Another key factor is the DNA you inherit. Depression often runs in families, as do conditions such as anxiety disorders (which occur more in women), and alcoholism (which affects more men). Researchers have studied twins from families with a history of depression in an effort to understand those genetic influences. The studies suggest that genes have a big say not only in your risk for depression, but also in whether that risk depends on your gender.

The most dramatic evidence comes from a study of 2,662 fraternal and identical twins conducted by psychiatrist Laura Bierut, MD, of Washington University in St. Louis. She found that female twins whose relatives had major depression were more likely to develop it than male twins. According to her analysis, genes accounted for 36 to 44 percent of the depression suffered by the female twins, but 24 percent or less of that suffered by the males. Individual life experiences also had a big impact on both sexes’ susceptibility. “Environment,” Dr. Bierut concludes, “seems to be playing a greater role in men’s depression than in women’s.” But it is still unknown why.

Other researchers suspect that not all the same genes affect male and female depression. While there’s substantial overlap, says Kenneth Kendler, MD, a psychiatrist at Virginia Commonwealth University, there also “are genes that appear to act specifically in men but not women, and in women but not men.” A number of researchers are now on the hunt for those genes.

Whether or not it turns out that men suffer more than the statistics show, there’s no question many men are depressed. And just like women, all the experts agree, the longer they go without getting help, the stronger the negative impact on their lives.

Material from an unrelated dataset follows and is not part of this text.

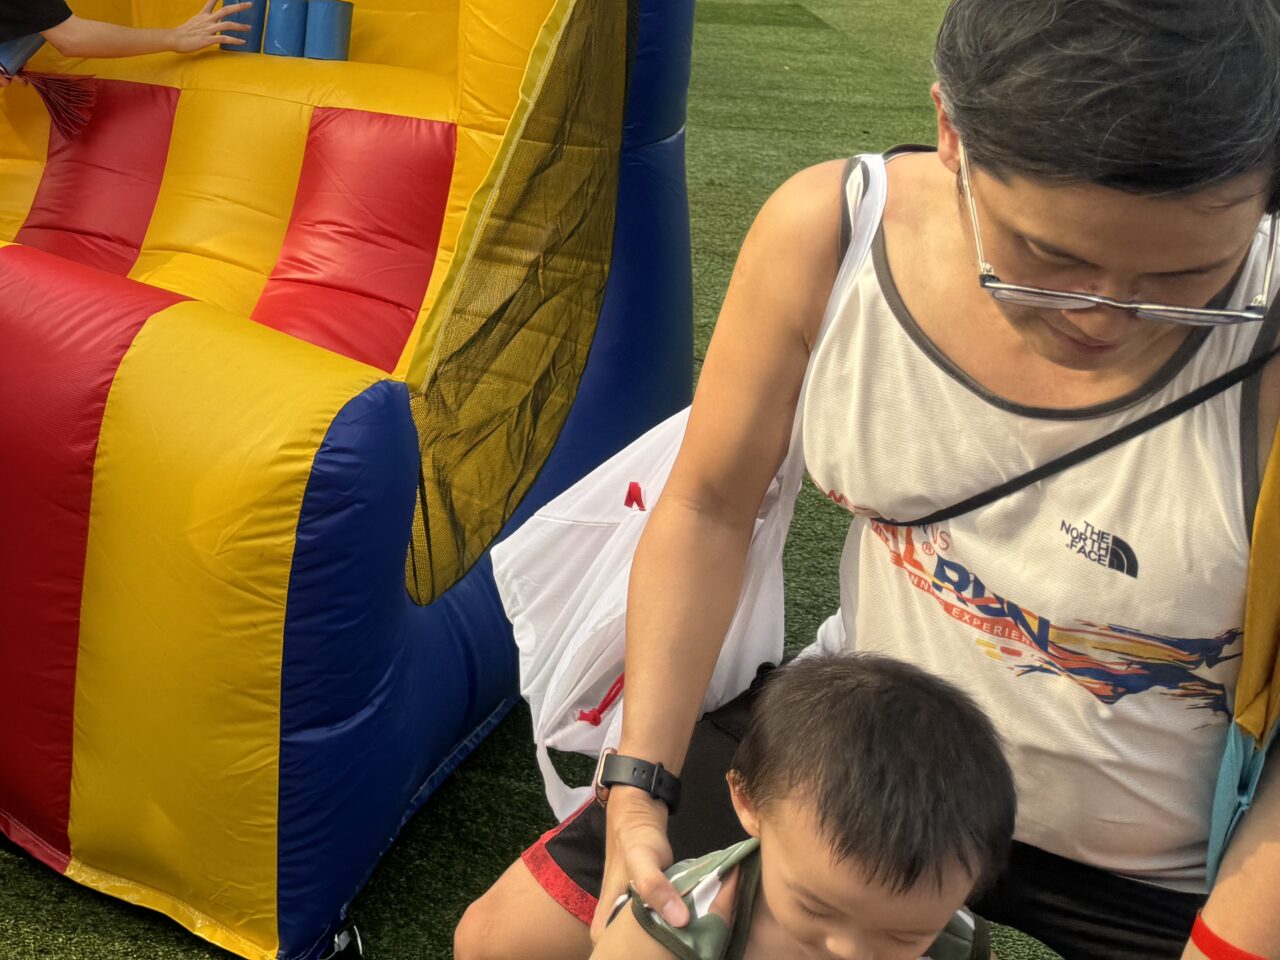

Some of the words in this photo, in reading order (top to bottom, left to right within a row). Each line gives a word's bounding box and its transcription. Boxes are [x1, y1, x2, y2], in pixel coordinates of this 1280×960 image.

Luckily, treatments are largely gender-blind. Though the older tricyclic drugs, like amitriptyline and imipramine, are slightly less effective in women than men, there’s no such problem with the newer antidepressants like Prozac and its ilk. Most studies show that the many types of psychotherapy available can be equally beneficial for men and women.

Eric Weaver ultimately managed to put his illness behind him, but only after repeated hospitalizations, dozens of medications and, finally, an embrace of religion. Now retired from the police department, he is assistant pastor at his church. “I’m not saying I don’t have bad days every once in a while,” he says. “But now I can recognize it and deal with it.”